- TASK GOAL: Could you please reproduce the entries exactly, leaving out any pictures?

- EXCERPTED RECORDS:
*** Block opens ***

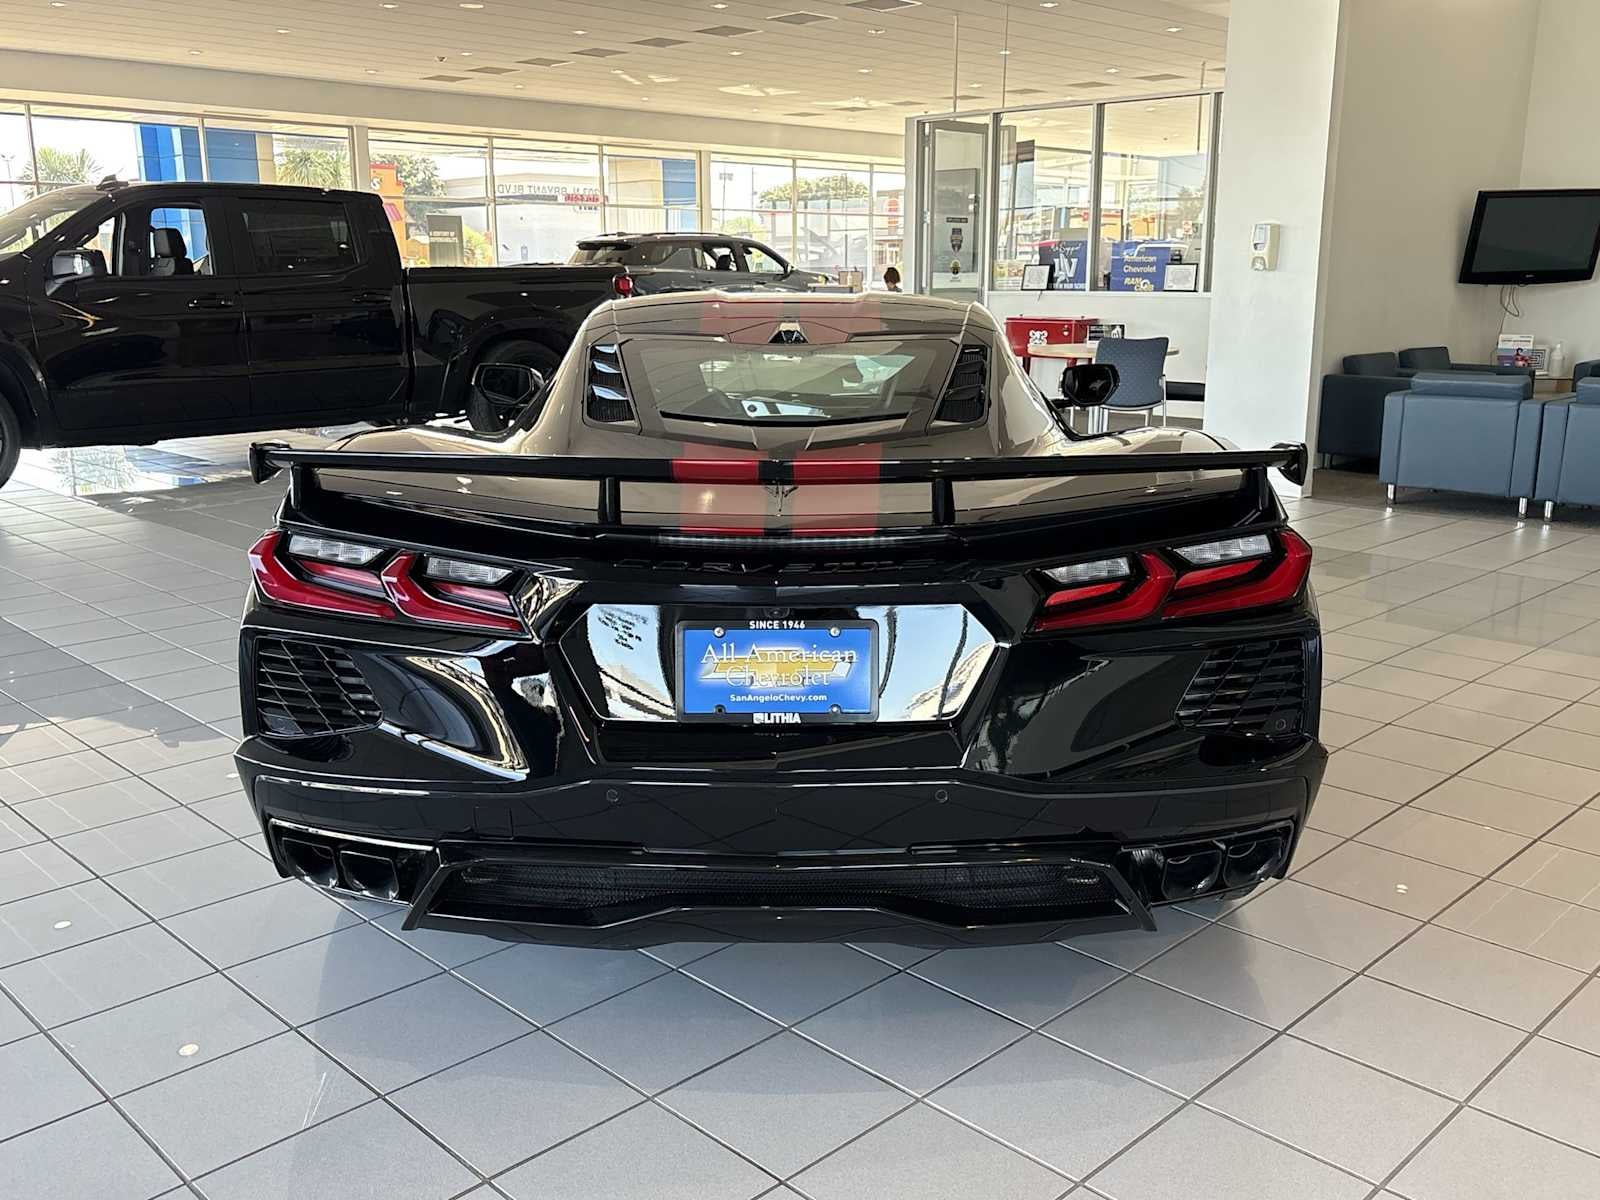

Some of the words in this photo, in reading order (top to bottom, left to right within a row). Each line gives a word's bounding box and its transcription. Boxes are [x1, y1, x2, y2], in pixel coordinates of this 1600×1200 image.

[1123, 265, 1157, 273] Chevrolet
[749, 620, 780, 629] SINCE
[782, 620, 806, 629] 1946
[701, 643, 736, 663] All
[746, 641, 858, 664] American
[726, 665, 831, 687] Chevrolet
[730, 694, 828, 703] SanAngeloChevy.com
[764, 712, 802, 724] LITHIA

*** Block closes ***

- EXPECTED OUTPUT:
Some of the words in this photo, in reading order (top to bottom, left to right within a row). Each line gives a word's bounding box and its transcription. Boxes are [x1, y1, x2, y2], in pixel coordinates of this 1600×1200 image.

[1123, 265, 1157, 273] Chevrolet
[749, 620, 780, 629] SINCE
[782, 620, 806, 629] 1946
[701, 643, 736, 663] All
[746, 641, 858, 664] American
[726, 665, 831, 687] Chevrolet
[730, 694, 828, 703] SanAngeloChevy.com
[764, 712, 802, 724] LITHIA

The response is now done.